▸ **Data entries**
*** Begin section ***

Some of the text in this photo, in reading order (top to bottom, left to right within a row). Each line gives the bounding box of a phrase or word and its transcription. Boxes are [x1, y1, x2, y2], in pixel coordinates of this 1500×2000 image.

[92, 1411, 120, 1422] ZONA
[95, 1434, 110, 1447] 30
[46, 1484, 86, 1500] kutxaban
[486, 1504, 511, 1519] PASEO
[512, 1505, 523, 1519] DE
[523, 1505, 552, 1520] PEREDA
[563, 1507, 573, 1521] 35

*** End section ***

▸ **TASK REQUIREMENTS**
Please give back all of the records exactly as written.

▸ **RESPONSE**
Some of the text in this photo, in reading order (top to bottom, left to right within a row). Each line gives the bounding box of a phrase or word and its transcription. Boxes are [x1, y1, x2, y2], in pixel coordinates of this 1500×2000 image.

[92, 1411, 120, 1422] ZONA
[95, 1434, 110, 1447] 30
[46, 1484, 86, 1500] kutxaban
[486, 1504, 511, 1519] PASEO
[512, 1505, 523, 1519] DE
[523, 1505, 552, 1520] PEREDA
[563, 1507, 573, 1521] 35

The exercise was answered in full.